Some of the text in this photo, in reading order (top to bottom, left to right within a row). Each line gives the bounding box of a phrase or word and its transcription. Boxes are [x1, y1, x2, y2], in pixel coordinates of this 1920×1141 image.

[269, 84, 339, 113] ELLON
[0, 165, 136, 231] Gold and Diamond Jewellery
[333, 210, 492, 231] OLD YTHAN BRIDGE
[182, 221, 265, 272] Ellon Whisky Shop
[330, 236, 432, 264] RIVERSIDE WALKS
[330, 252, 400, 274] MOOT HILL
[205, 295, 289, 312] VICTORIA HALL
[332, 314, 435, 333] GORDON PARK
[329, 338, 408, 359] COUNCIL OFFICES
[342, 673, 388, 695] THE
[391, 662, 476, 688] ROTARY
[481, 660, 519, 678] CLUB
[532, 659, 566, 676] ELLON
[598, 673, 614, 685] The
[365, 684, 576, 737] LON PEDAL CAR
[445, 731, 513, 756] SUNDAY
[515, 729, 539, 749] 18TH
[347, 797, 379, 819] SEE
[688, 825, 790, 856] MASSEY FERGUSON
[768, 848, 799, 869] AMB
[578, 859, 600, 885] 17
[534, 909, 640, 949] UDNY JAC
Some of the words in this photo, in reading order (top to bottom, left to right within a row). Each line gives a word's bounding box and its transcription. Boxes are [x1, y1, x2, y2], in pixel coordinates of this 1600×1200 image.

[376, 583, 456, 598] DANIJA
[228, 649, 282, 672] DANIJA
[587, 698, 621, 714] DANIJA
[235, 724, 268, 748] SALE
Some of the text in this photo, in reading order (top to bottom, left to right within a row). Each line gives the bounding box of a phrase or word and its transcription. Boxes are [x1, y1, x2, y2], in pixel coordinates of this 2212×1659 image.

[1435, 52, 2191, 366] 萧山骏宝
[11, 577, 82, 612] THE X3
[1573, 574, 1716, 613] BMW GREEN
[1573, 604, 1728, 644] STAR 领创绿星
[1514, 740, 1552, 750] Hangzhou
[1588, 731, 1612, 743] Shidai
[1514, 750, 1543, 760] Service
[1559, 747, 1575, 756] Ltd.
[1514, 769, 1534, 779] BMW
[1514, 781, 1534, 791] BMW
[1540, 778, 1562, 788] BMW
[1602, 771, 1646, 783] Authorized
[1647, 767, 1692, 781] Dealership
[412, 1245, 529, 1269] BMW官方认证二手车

········

THE PROBLEM –
Line by line, set down the material exactly as given.

EXPECTED ANSWER –
Some of the text in this photo, in reading order (top to bottom, left to right within a row). Each line gives the bounding box of a phrase or word and its transcription. Boxes are [x1, y1, x2, y2], in pixel coordinates of this 1920×1141 image.

[269, 84, 339, 113] ELLON
[0, 165, 136, 231] Gold and Diamond Jewellery
[333, 210, 492, 231] OLD YTHAN BRIDGE
[182, 221, 265, 272] Ellon Whisky Shop
[330, 236, 432, 264] RIVERSIDE WALKS
[330, 252, 400, 274] MOOT HILL
[205, 295, 289, 312] VICTORIA HALL
[332, 314, 435, 333] GORDON PARK
[329, 338, 408, 359] COUNCIL OFFICES
[342, 673, 388, 695] THE
[391, 662, 476, 688] ROTARY
[481, 660, 519, 678] CLUB
[532, 659, 566, 676] ELLON
[598, 673, 614, 685] The
[365, 684, 576, 737] LON PEDAL CAR
[445, 731, 513, 756] SUNDAY
[515, 729, 539, 749] 18TH
[347, 797, 379, 819] SEE
[688, 825, 790, 856] MASSEY FERGUSON
[768, 848, 799, 869] AMB
[578, 859, 600, 885] 17
[534, 909, 640, 949] UDNY JAC
Some of the words in this photo, in reading order (top to bottom, left to right within a row). Each line gives a word's bounding box and its transcription. Boxes are [x1, y1, x2, y2], in pixel coordinates of this 1600×1200 image.

[376, 583, 456, 598] DANIJA
[228, 649, 282, 672] DANIJA
[587, 698, 621, 714] DANIJA
[235, 724, 268, 748] SALE
Some of the text in this photo, in reading order (top to bottom, left to right within a row). Each line gives the bounding box of a phrase or word and its transcription. Boxes are [x1, y1, x2, y2], in pixel coordinates of this 2212×1659 image.

[1435, 52, 2191, 366] 萧山骏宝
[11, 577, 82, 612] THE X3
[1573, 574, 1716, 613] BMW GREEN
[1573, 604, 1728, 644] STAR 领创绿星
[1514, 740, 1552, 750] Hangzhou
[1588, 731, 1612, 743] Shidai
[1514, 750, 1543, 760] Service
[1559, 747, 1575, 756] Ltd.
[1514, 769, 1534, 779] BMW
[1514, 781, 1534, 791] BMW
[1540, 778, 1562, 788] BMW
[1602, 771, 1646, 783] Authorized
[1647, 767, 1692, 781] Dealership
[412, 1245, 529, 1269] BMW官方认证二手车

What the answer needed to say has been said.